EXERCISE
Give all the lines below again, exactly, with no pictures.

+ + +

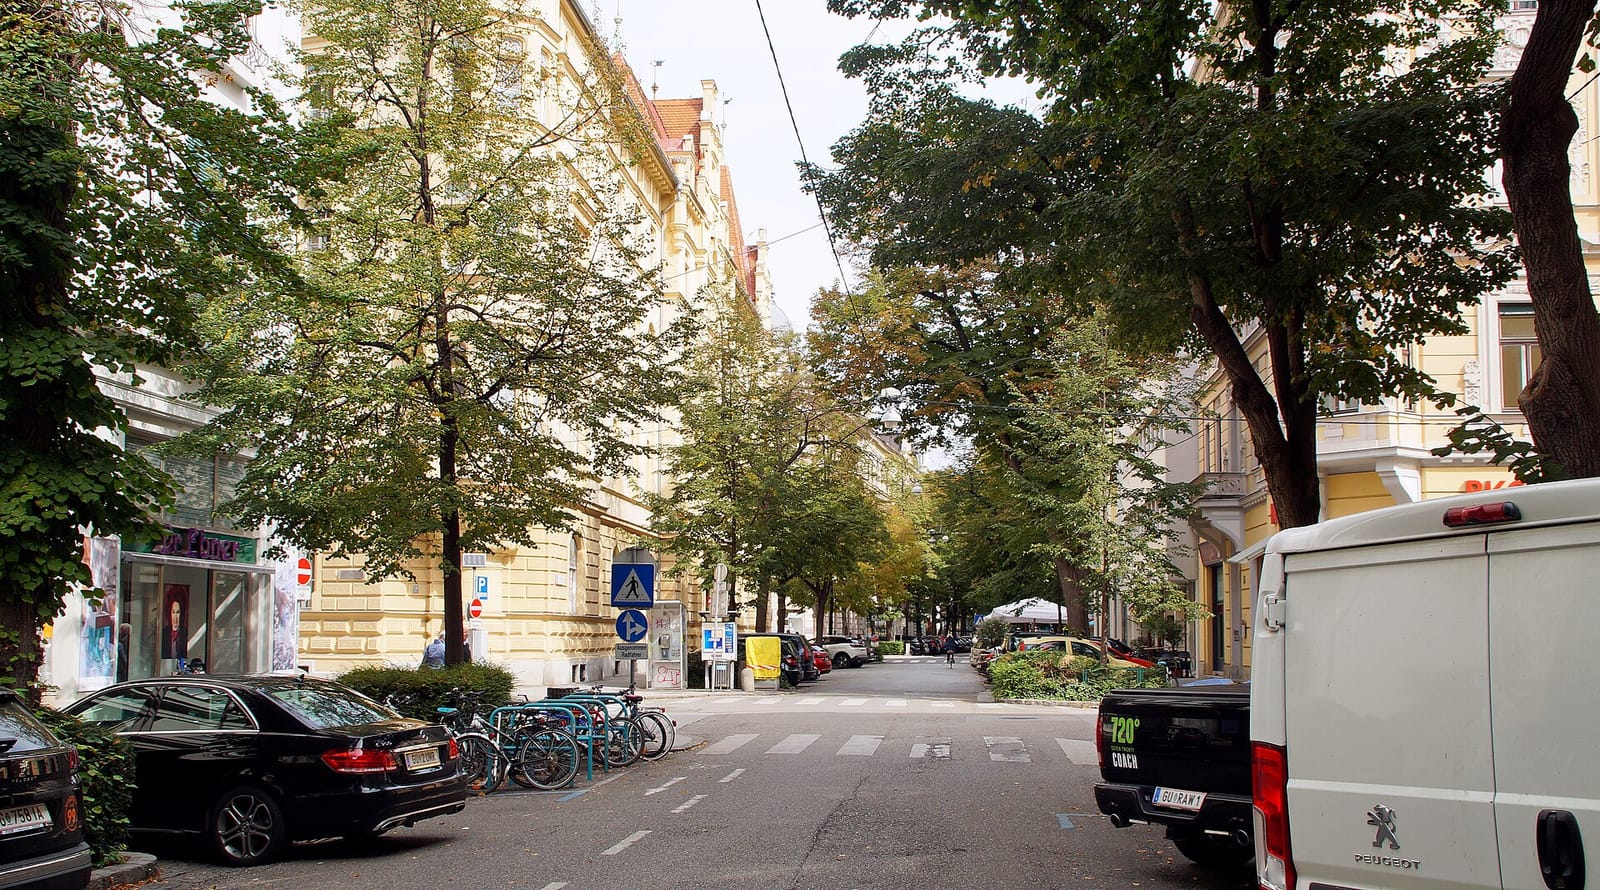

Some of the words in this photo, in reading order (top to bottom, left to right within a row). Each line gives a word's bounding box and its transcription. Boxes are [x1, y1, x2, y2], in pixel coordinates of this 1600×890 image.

[479, 577, 487, 593] P
[1111, 752, 1138, 769] COACH
[1162, 790, 1174, 802] GU
[1176, 792, 1196, 805] RAW
[1354, 853, 1421, 870] PEUGEOT
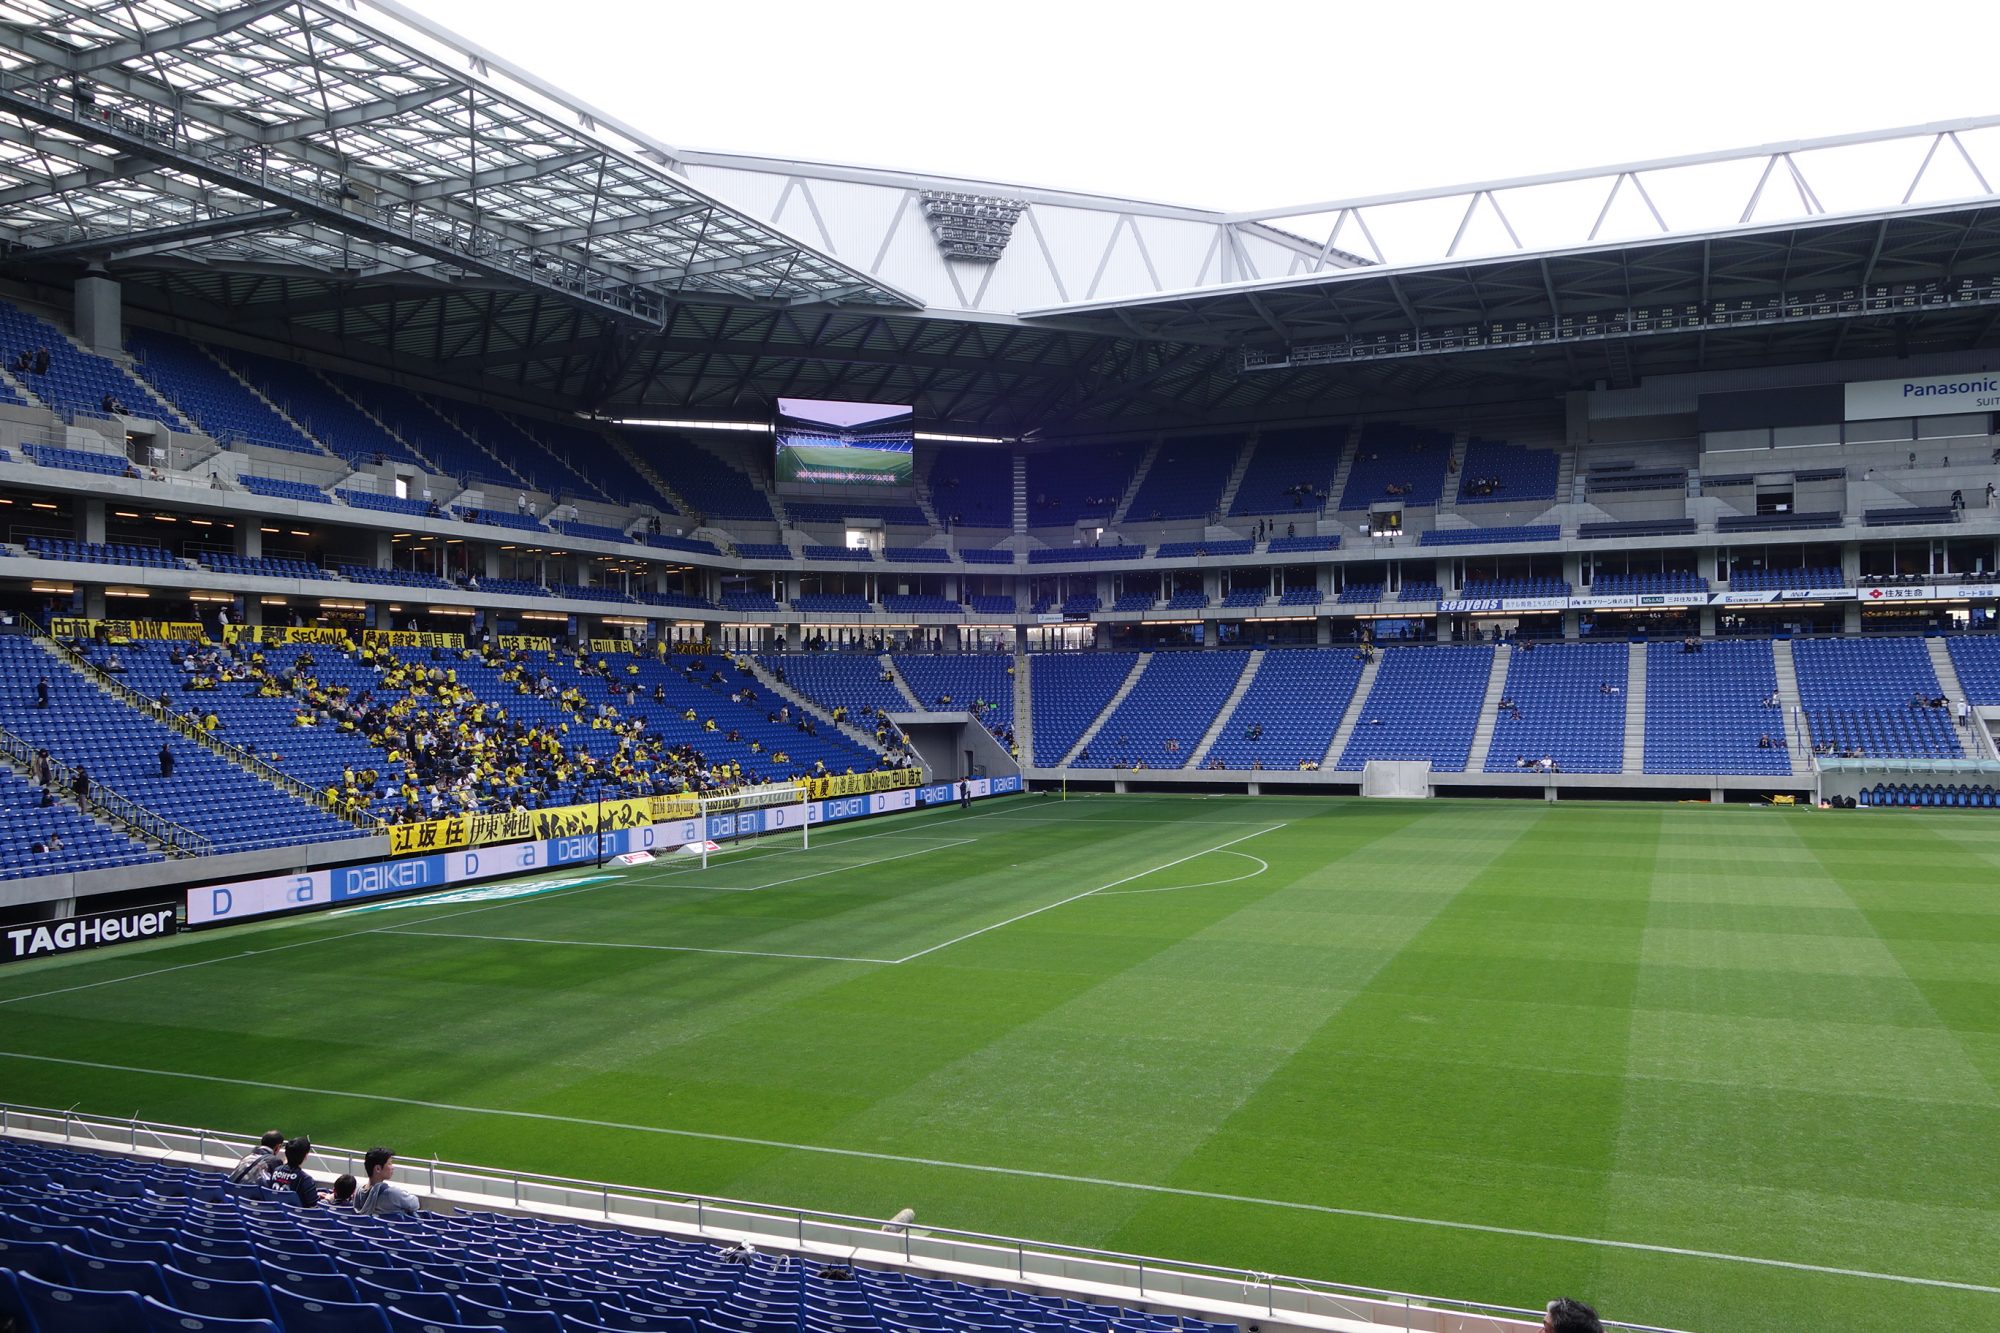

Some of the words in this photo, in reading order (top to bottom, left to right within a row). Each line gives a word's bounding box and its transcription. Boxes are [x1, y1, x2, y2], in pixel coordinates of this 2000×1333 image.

[1903, 377, 1998, 398] Panasonic
[1885, 589, 1923, 598] 住友生命
[1440, 599, 1498, 612] seayens
[135, 621, 162, 640] PARK
[291, 628, 343, 645] SEGAWA
[469, 813, 531, 844] 伊東純也
[643, 828, 654, 848] D
[465, 853, 479, 876] D
[212, 888, 233, 916] D
[272, 1170, 298, 1180] ROHTO
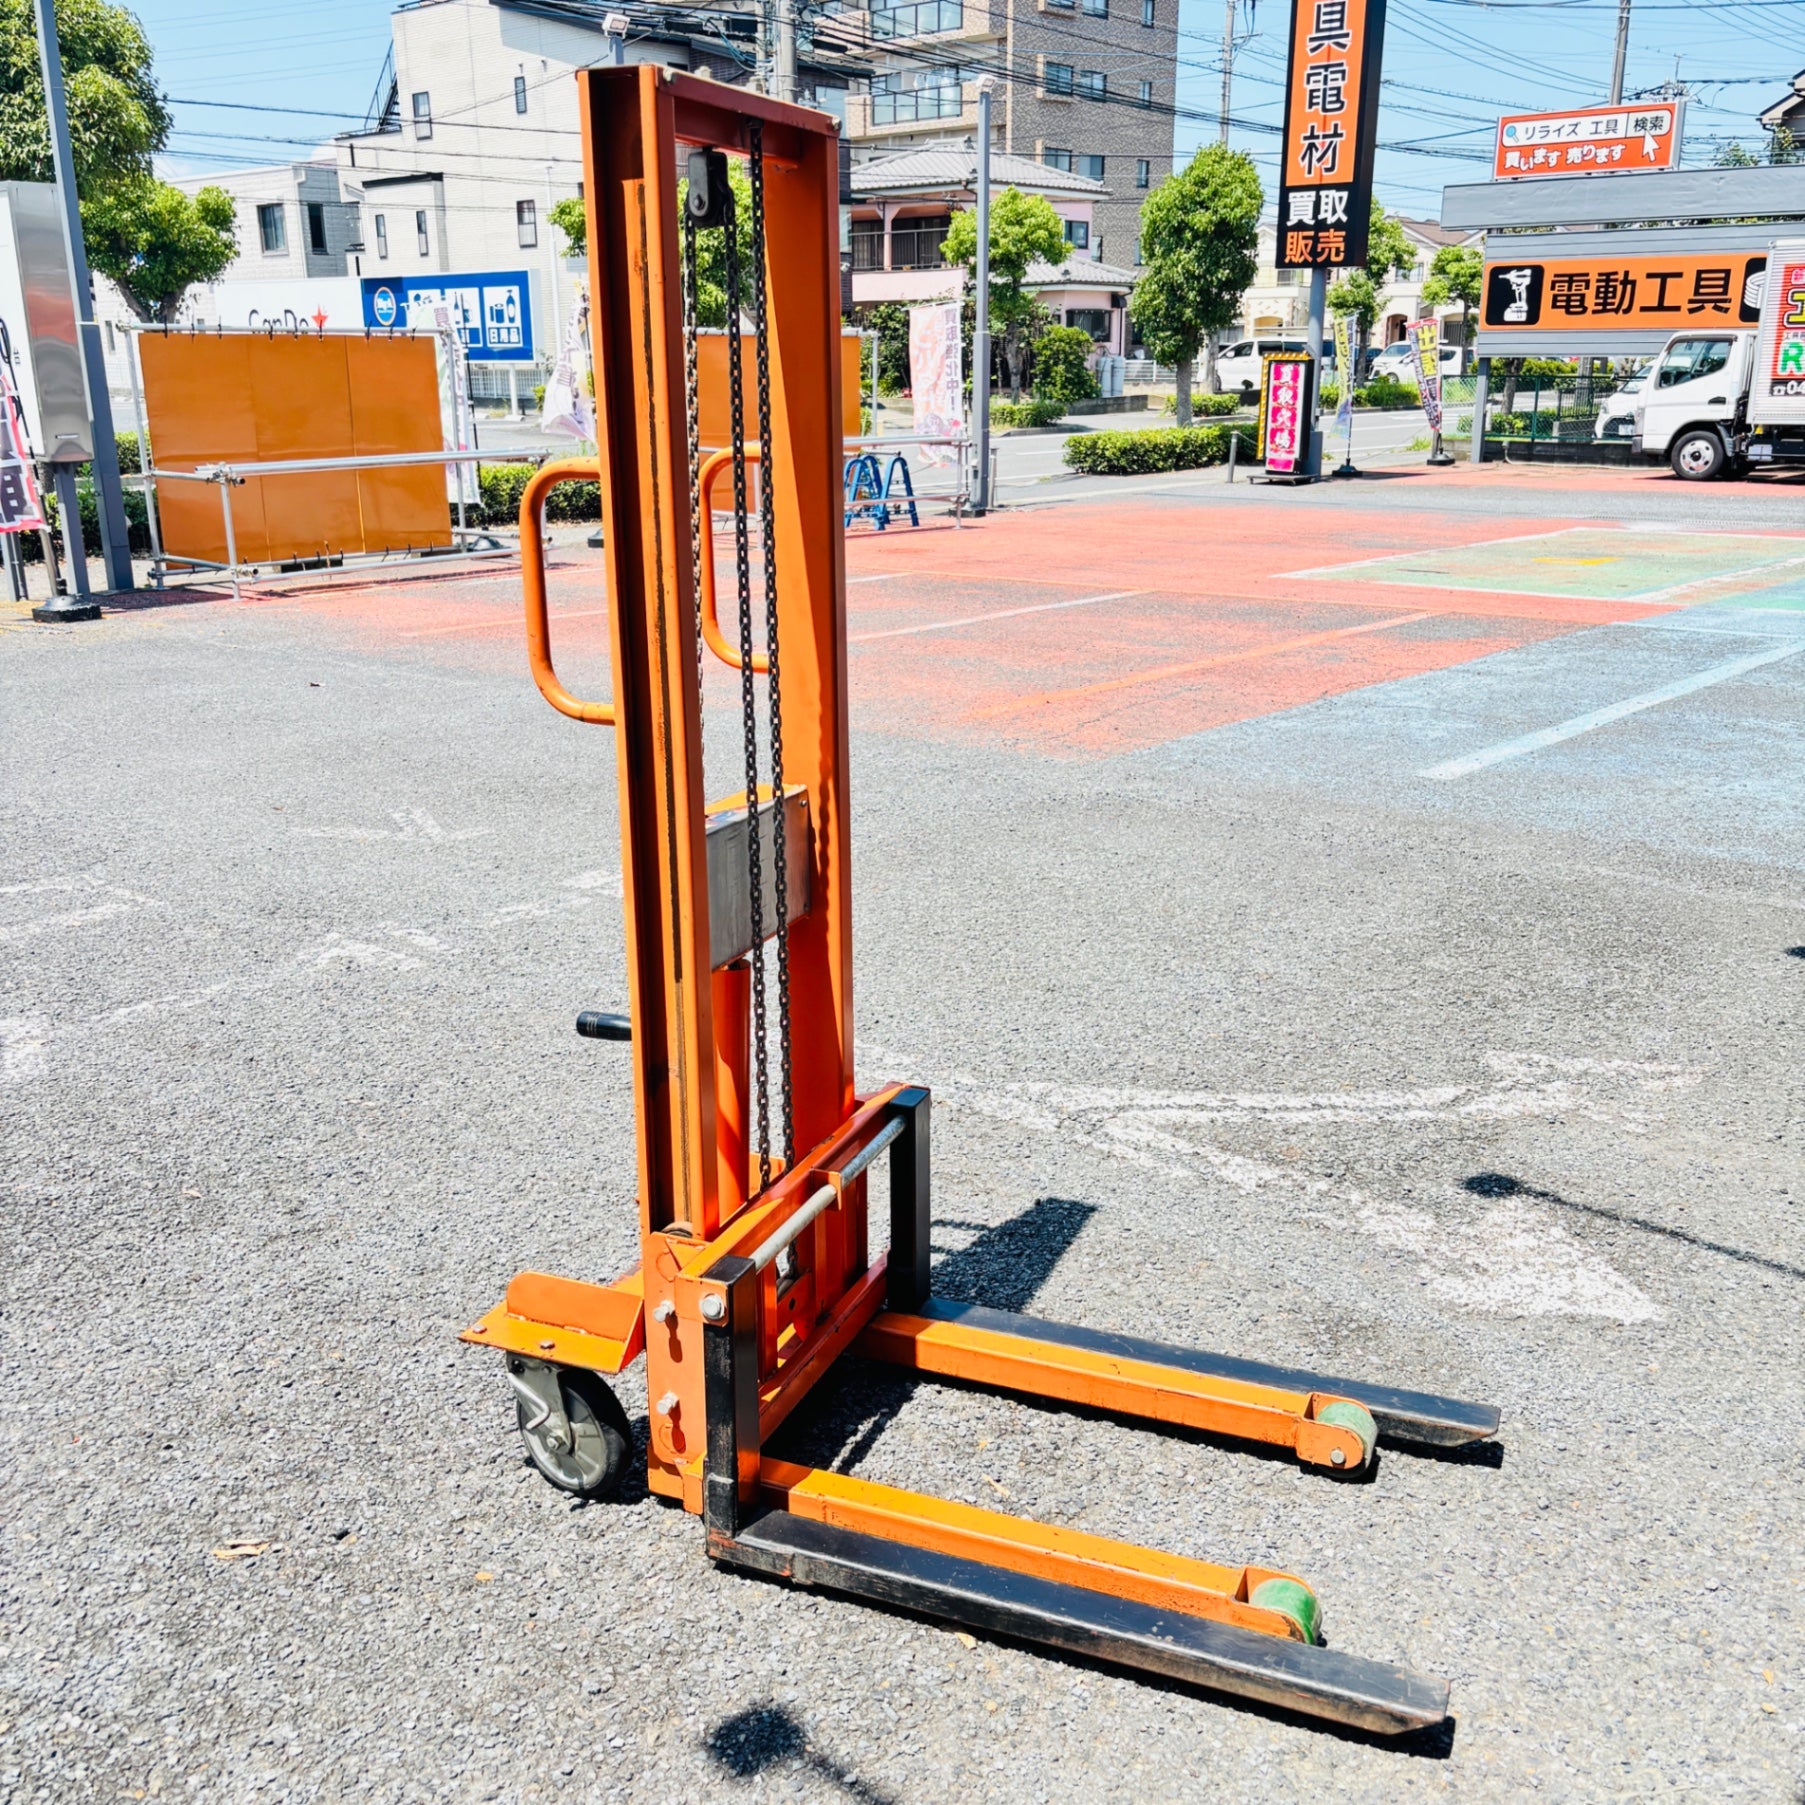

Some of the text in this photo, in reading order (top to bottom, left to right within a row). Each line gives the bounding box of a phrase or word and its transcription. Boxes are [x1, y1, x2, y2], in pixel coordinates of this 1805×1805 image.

[1524, 118, 1619, 141] リライズ 工具
[1633, 115, 1665, 133] 検索
[1504, 143, 1627, 172] 買います 売ります
[1286, 191, 1349, 226] 買取
[1284, 228, 1347, 265] 販売
[1549, 268, 1733, 316] 電動工具

+ + +

PROBLEM SOLUTION
Some of the words in this photo, in reading order (top to bottom, left to right within a row). Each line gives a word's bounding box and its transcription. Boxes are [x1, y1, x2, y2], in pixel coordinates of this 1600×890 image.

[479, 577, 487, 593] P
[1111, 752, 1138, 769] COACH
[1162, 790, 1174, 802] GU
[1176, 792, 1196, 805] RAW
[1354, 853, 1421, 870] PEUGEOT

Some of the words in this photo, in reading order (top to bottom, left to right within a row). Each line gives a word's bounding box and its transcription. Boxes are [x1, y1, x2, y2], in pixel coordinates of this 2000×1333 image.

[1903, 377, 1998, 398] Panasonic
[1885, 589, 1923, 598] 住友生命
[1440, 599, 1498, 612] seayens
[135, 621, 162, 640] PARK
[291, 628, 343, 645] SEGAWA
[469, 813, 531, 844] 伊東純也
[643, 828, 654, 848] D
[465, 853, 479, 876] D
[212, 888, 233, 916] D
[272, 1170, 298, 1180] ROHTO

Some of the text in this photo, in reading order (top to bottom, left to right within a row). Each line gives the bounding box of a phrase or word and its transcription. Boxes are [x1, y1, x2, y2], in pixel coordinates of this 1805×1805 image.

[1524, 118, 1619, 141] リライズ 工具
[1633, 115, 1665, 133] 検索
[1504, 143, 1627, 172] 買います 売ります
[1286, 191, 1349, 226] 買取
[1284, 228, 1347, 265] 販売
[1549, 268, 1733, 316] 電動工具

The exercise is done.